### Dataset excerpts
----

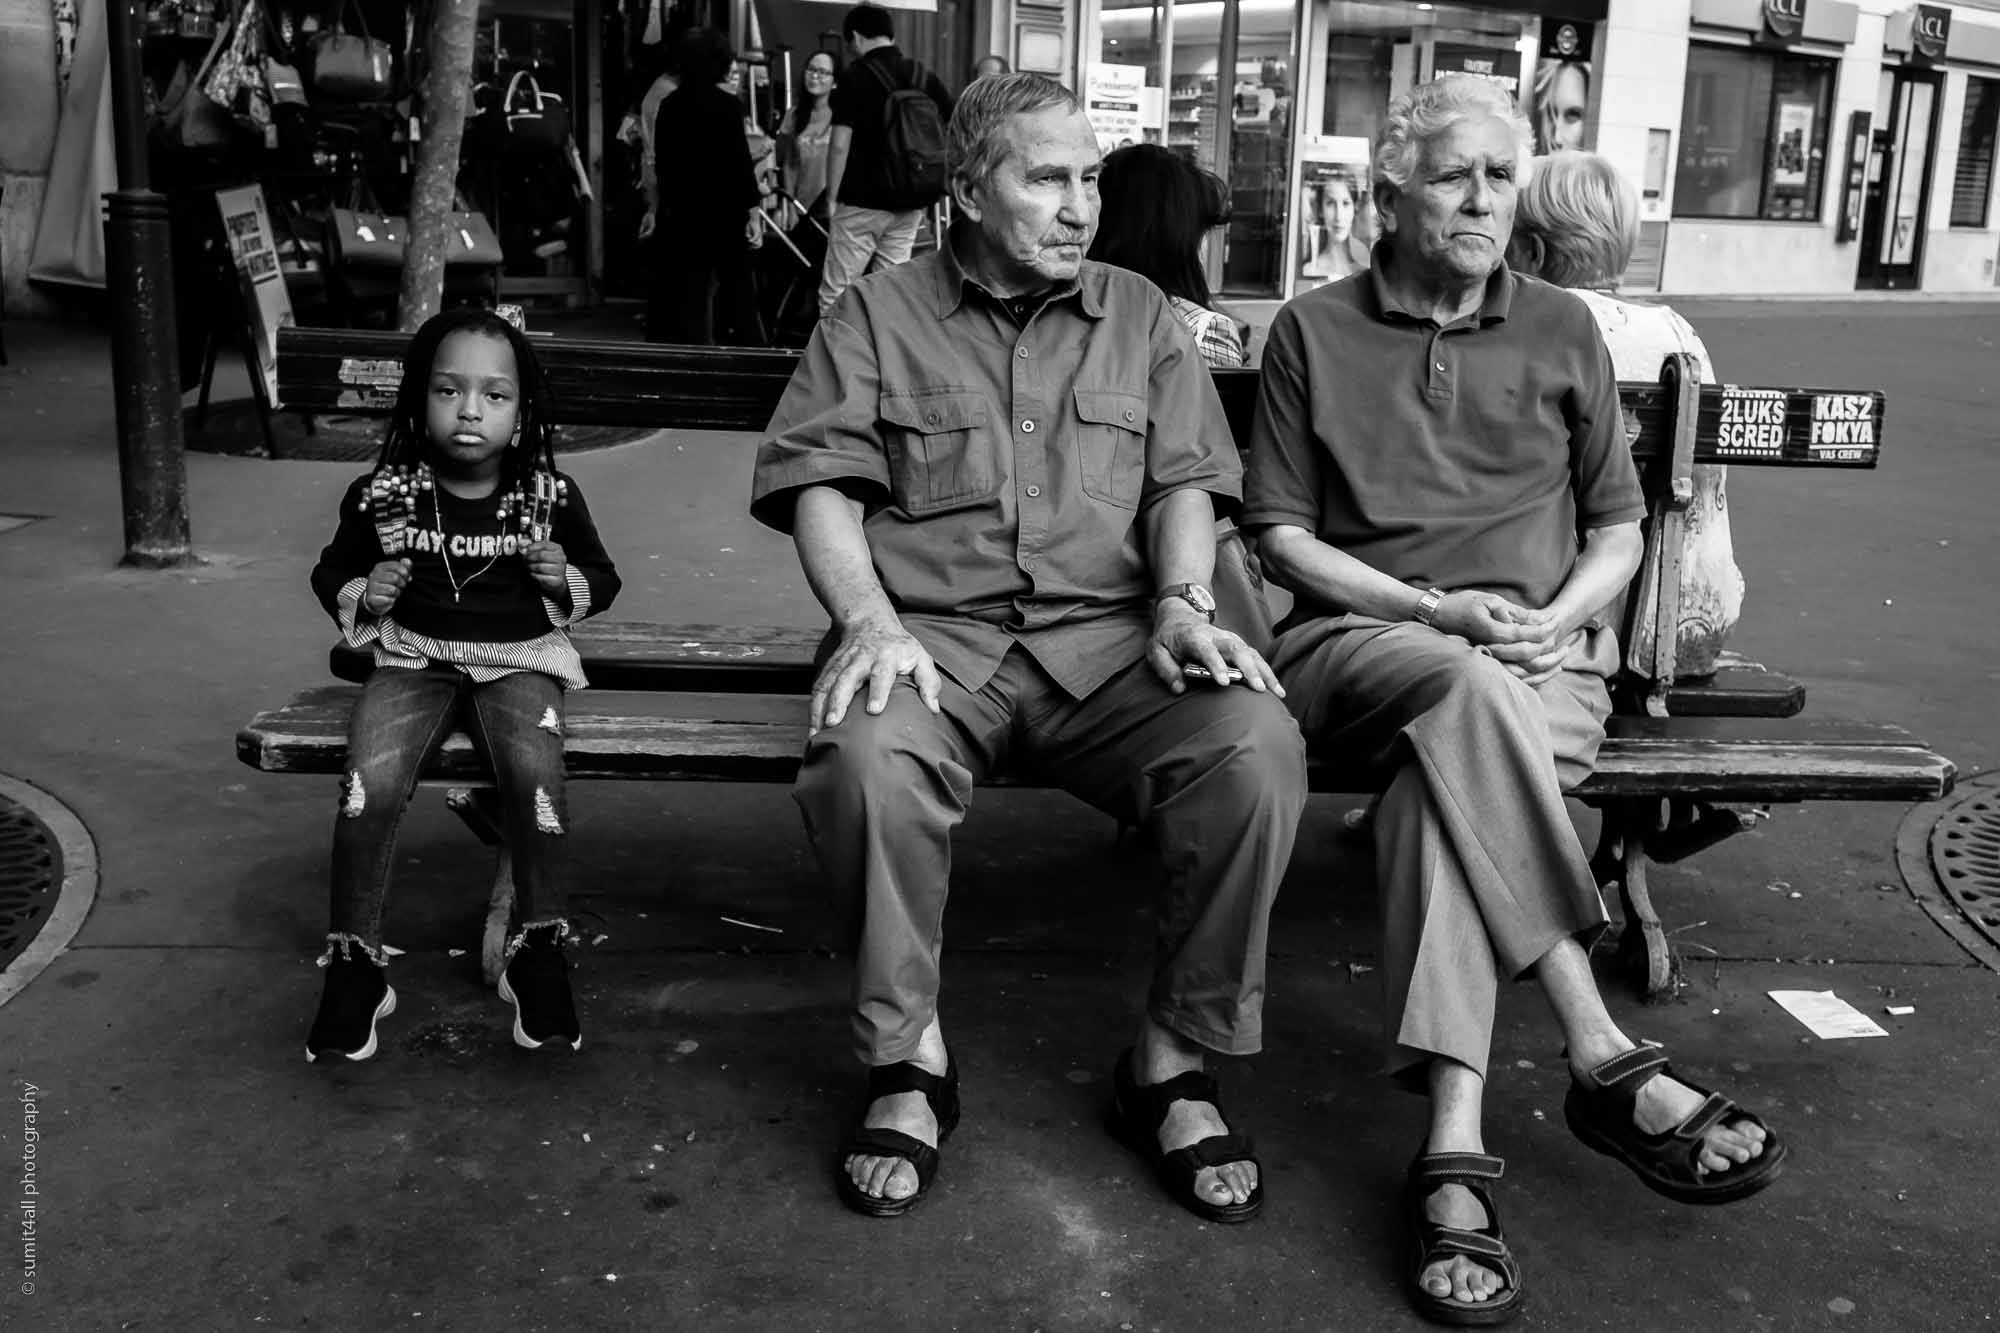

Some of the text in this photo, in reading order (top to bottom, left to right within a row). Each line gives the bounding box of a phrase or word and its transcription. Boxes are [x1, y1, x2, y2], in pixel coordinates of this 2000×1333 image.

[1919, 15, 1945, 38] LCL
[1720, 399, 1785, 424] 2LUKS
[1815, 395, 1873, 421] KAS2
[1717, 423, 1783, 449] SCRED
[1811, 421, 1874, 444] FOKYA
[1837, 449, 1863, 460] CREW
[404, 526, 445, 554] TAY
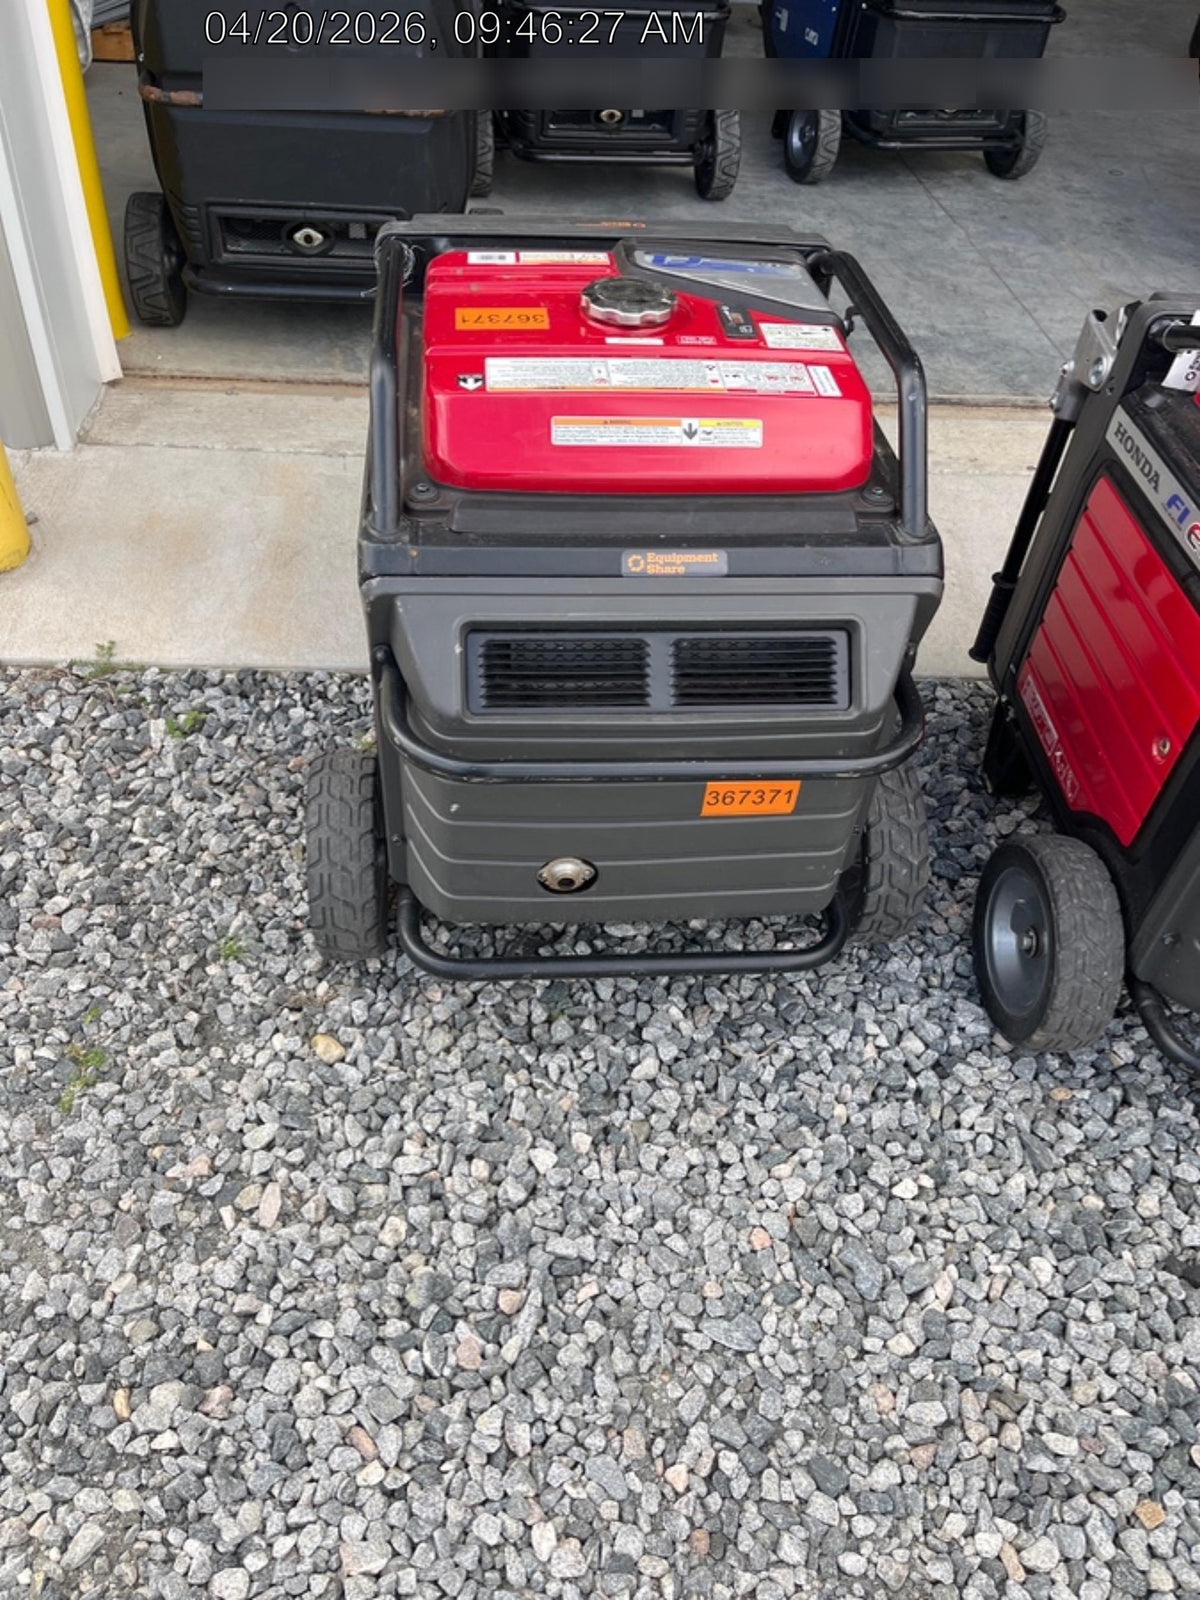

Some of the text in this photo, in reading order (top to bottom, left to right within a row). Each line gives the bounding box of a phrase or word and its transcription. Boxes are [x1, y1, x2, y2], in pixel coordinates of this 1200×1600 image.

[461, 314, 544, 324] 367371
[1114, 421, 1160, 494] HONDA
[646, 551, 719, 564] Equipment
[646, 562, 686, 576] Share
[706, 787, 794, 807] 367371

----

Return the listing verbatim; pictures are not part of the copy.

Some of the text in this photo, in reading order (top to bottom, left to right within a row). Each line gives the bounding box of a phrase or word and its transcription. Boxes are [x1, y1, x2, y2], in pixel coordinates of this 2000×1333 image.

[1919, 15, 1945, 38] LCL
[1720, 399, 1785, 424] 2LUKS
[1815, 395, 1873, 421] KAS2
[1717, 423, 1783, 449] SCRED
[1811, 421, 1874, 444] FOKYA
[1837, 449, 1863, 460] CREW
[404, 526, 445, 554] TAY

Some of the text in this photo, in reading order (top to bottom, left to right within a row). Each line gives the bounding box of a phrase or word and its transcription. Boxes are [x1, y1, x2, y2], in pixel coordinates of this 1200×1600 image.

[461, 314, 544, 324] 367371
[1114, 421, 1160, 494] HONDA
[646, 551, 719, 564] Equipment
[646, 562, 686, 576] Share
[706, 787, 794, 807] 367371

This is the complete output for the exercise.